Her bubbly laugh disappears though when talking about the pressure to sell.

“This is our home. This is our source of income. It keeps us alive,” Vickie says. “When we opened up, I named it Choice Auto Repair because it would be early in the phone book when people looked for mechanics.”

She looks out at her husband, who is talking with a customer.

“He’s got another 80 percent blockage and two 70 percent blockages. He don’t feel well,” she. “I’m the bookkeeper here. I run it, but I don’t want to say I’m bossy, even though I’m the boss.”

Wayne, later disagrees, saying he’s “got the brains” in this outfit. In reality they’re a team. Have been for 25 years.

Phone rings. This time it’s a long-time customer whose tire is losing air and he wants to come by right away. Another call is from a father who wants to bring his 20-something daughter’s car in for an oil change.

“We’re on our third generation of people here,” Wayne says of the neighbors who have relied either on his dad or on him for 61 years of auto care. “We’re staying here.”

“It’s our only source of income,” Vickie adds. “If we sold it, we’d lose so much money to capital gains taxes.

“If we had to go buy another place we would need to re-establish ourselves, get familiar with the neighborhood. People know us here. We’d have to start all over again and we don’t want to do that.”

She looks again toward her husband, who is back outside. “I love him. Wayne is an excellent mechanic.”

Soon, he’s going back home to get the air conditioner fixed and rest, doctor’s (and Vickie’s) orders.
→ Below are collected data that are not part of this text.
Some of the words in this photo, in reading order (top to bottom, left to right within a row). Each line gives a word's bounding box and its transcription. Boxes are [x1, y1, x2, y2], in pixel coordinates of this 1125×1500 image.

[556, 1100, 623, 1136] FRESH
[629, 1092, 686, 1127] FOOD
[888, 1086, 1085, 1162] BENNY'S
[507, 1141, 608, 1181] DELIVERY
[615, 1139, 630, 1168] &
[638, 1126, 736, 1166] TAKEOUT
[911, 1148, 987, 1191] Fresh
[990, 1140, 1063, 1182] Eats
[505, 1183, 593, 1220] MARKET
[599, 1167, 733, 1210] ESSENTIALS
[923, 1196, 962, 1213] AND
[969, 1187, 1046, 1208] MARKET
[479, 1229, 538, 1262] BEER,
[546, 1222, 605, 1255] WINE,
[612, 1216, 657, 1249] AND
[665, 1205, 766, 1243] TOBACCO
“There’s so much pressure on me for us to sell,” he says. “I don’t want to sell. I want to work. I like it right here. I want to come to work where I can sit outside and wave and all the horns blow.”

His wife’s eyes trail him as he steps back outside.

“There are people who are told ‘You go see Big Wayne. When nobody else can solve a problem with a car, Big Wayne can.’ I’m very proud of him.”